Feinstein has crafted her own style of stand-up over the years after working as an actor, doing characters onstage in theater and voicing roles in animated shows and video games. She’s appeared in films such as “Trainwreck” and “I Feel Pretty” as well as episodic television including “Crashing” and “Inside Amy Schumer.” “I didn’t know that I could do stand-up,” Feinstein says, thinking of her early perspective. “I always thought I couldn’t write a clean, clipped, monologue-style joke. I’m more of a storyteller and very autobiographical.”

Since finding her sweet spot in stand-up, performance has become indispensable to her. “Stand-up is like this bin where you place everything. Something happens to you — whether it’s humiliating or enraging, you have a place to put it,” she says. “I can’t imagine not needing that bin, not needing that place. I love doing it.”

While Feinstein looks forward to projects where she’s acting and writing, working with people she loves and enjoys, she doesn’t see stand-up as a means to an end, and doesn’t imagine she’ll ever see that part of her career receding into the rear-view mirror.

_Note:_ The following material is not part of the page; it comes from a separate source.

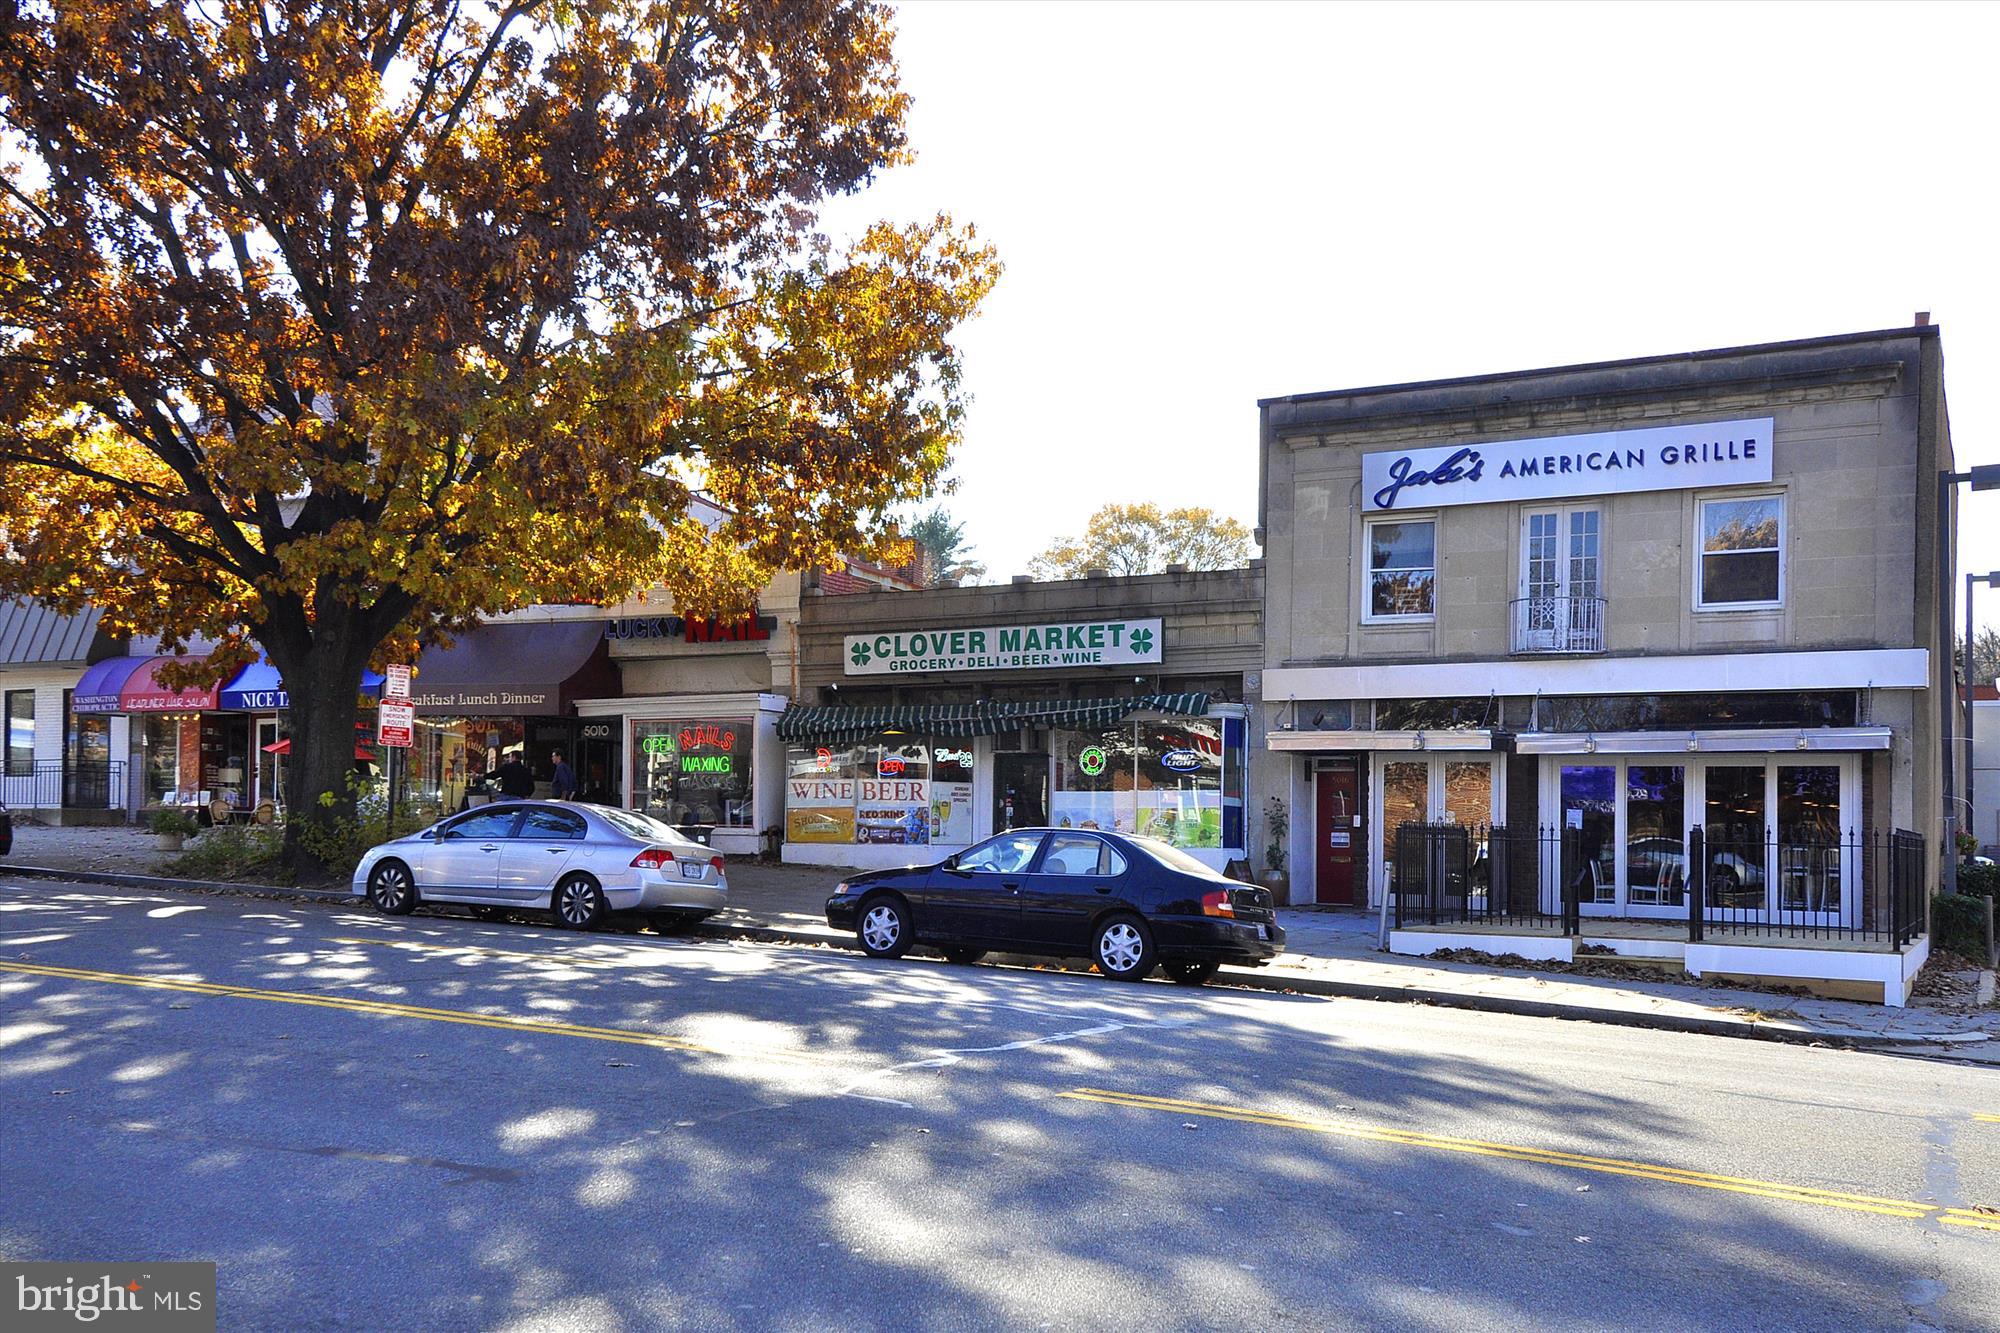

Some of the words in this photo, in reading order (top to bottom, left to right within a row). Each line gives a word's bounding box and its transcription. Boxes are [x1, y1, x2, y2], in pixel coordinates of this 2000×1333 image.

“It’s something that I’ll always do until they don’t allow me do it anymore,” she laughs. “I’ll be checking into some Days Inn in Cincinnati when I’m ancient, getting up there, rambling on and on.”

Paul Plunkett

Reps: Agency: WME; Management: AGI

Influences: Tracey Ullman, “SNL,” Jessica Kirson, Chris Rock, Dave Chappelle

Tina Friml, ‘The Tonight Show with Jimmy Fallon’

Tina Friml, ‘The Tonight Show with Jimmy Fallon’
Tina Friml, ‘The Tonight Show with Jimmy Fallon’


One of Friml’s trademark punchlines points out that people think she suffers from cerebral palsy, but she corrects that notion — pointing out that she has cerebral palsy, but suffers from people.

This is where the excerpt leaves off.